Arnold Bax: Symphony No.2 review of the first British performance.

I recently posted the New York Times review of the first performance of Arnold Bax’s Second Symphony in Boston, USA. The first British performance on 20th May 1930 seems to have been a mixed affair. Not so much from the point of view of the music, but the largely empty concert hall where it was given.Debonair Eugene Goossens triumphed at the Queen’s Hall yesterday afternoon with a ‘nameless’ orchestra of 110 performers [of] magnificent quality and unusually superb balance.
There were slightly more than 110 people sitting in the grand circle; but there looked to be fewer. Row upon row of empty chairs greeted one of Britain’s most brilliant young musicians. Although seats at Covent Garden are now at an exorbitant premium and although Goossens’ concerts in New York are packed to the doors, yesterday’s event proved one of the tragedies of the greatest orchestral glut that London has ever known.
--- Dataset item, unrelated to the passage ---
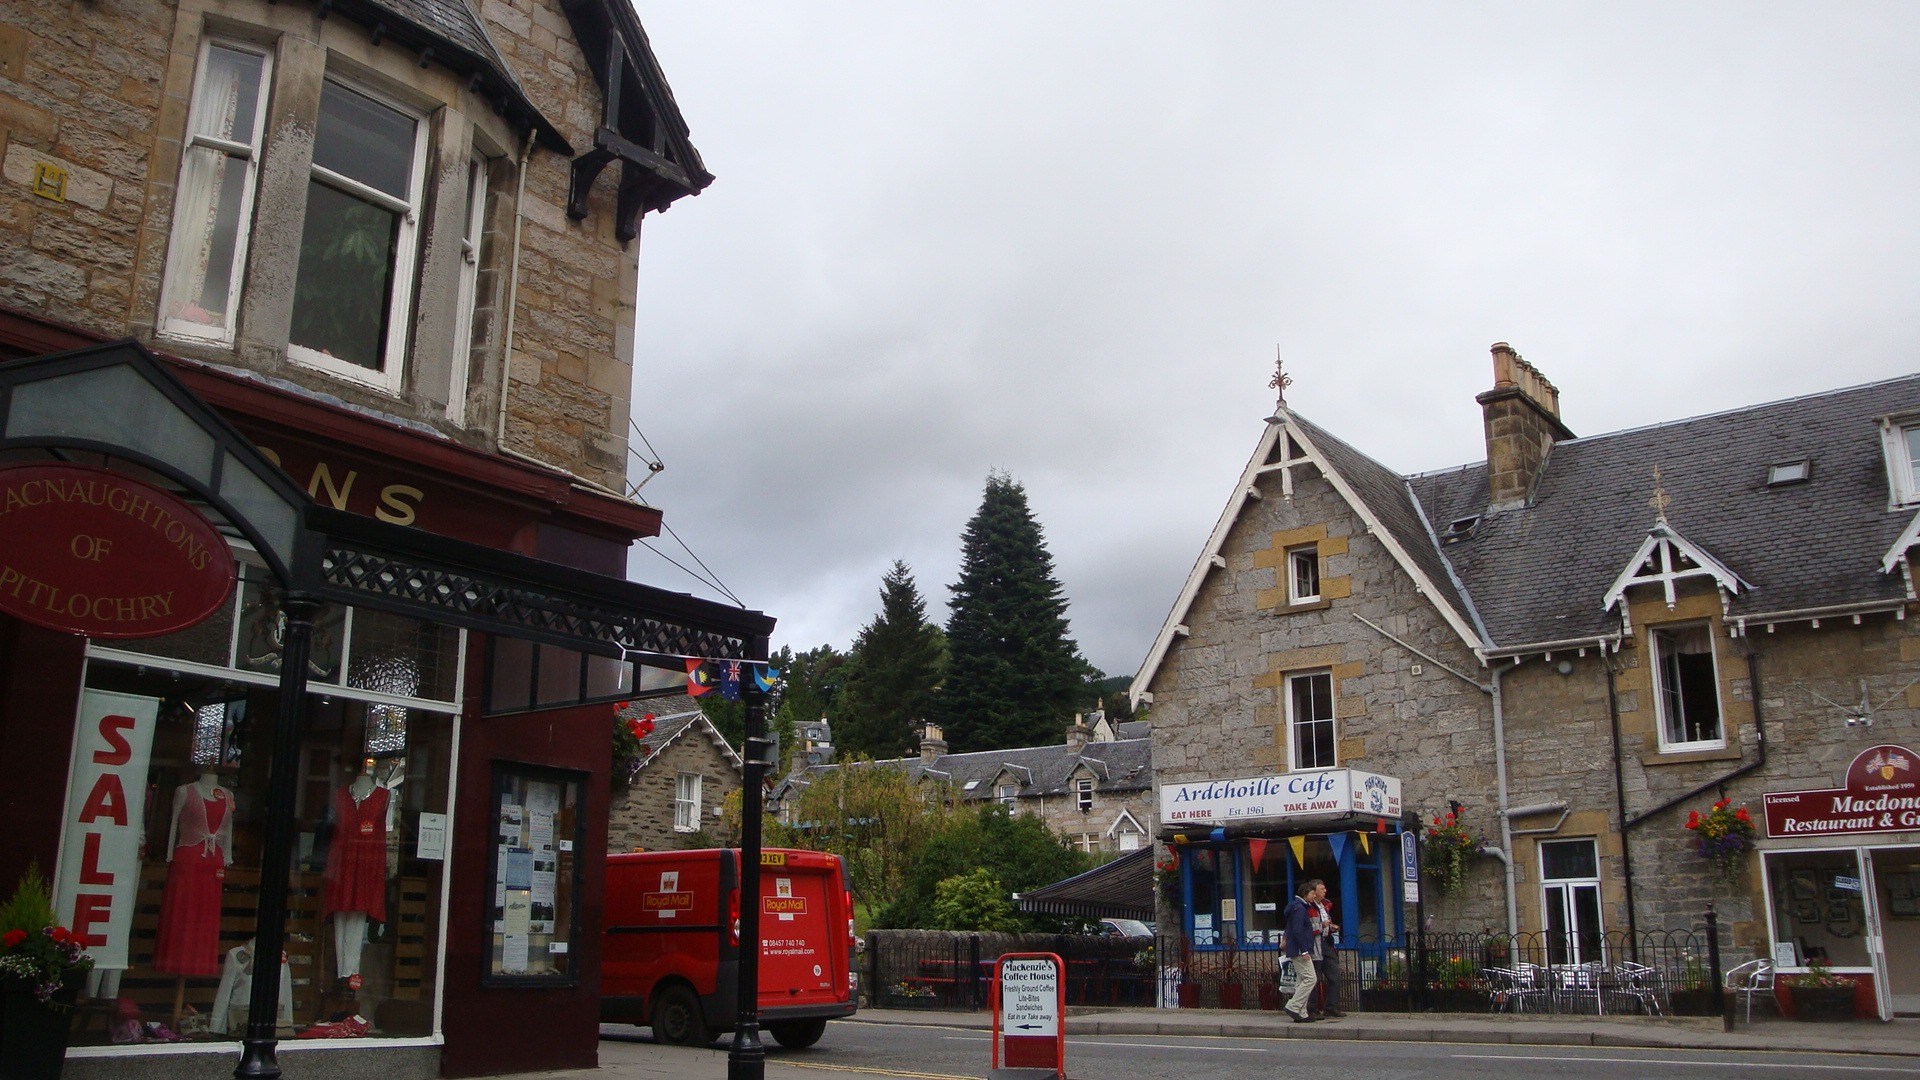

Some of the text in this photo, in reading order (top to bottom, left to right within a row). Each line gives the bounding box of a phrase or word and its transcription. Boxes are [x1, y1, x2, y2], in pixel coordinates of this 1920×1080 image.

Yet Goossens proved a remarkable point: that English orchestral players only need the proper sort of inspiration to produce brilliant results. Some of them were B.B.C men, others from the London Symphony, and most from the Royal Philharmonic orchestras. They had never played as a unit before.
And the applause among the performers themselves was almost greater than that in the distressingly small audience!
Brahms' riotous Academic Festival Overture was given with enthusiasm, and followed by the first performance of Arnold Bax’s Symphony No.2 [in the United Kingdom] This interesting but inconsistent work is more finely wrought than the Bax Symphony No.1, but much more vital than No.3, which has been heard recently.
It shows Bax’s strong allegiance to the Russian orchestral principles, with the fullest possible exploitation of orchestral colour, even to the grand organ. The brass playing –and writing- whipped the symphony up to a pitch of ferocious, even barbaric intensity.
The sparkling performance of De Falla’s Three Cornered Hat concluded the programme. Eugene Goossens sin returning to America in the autumn.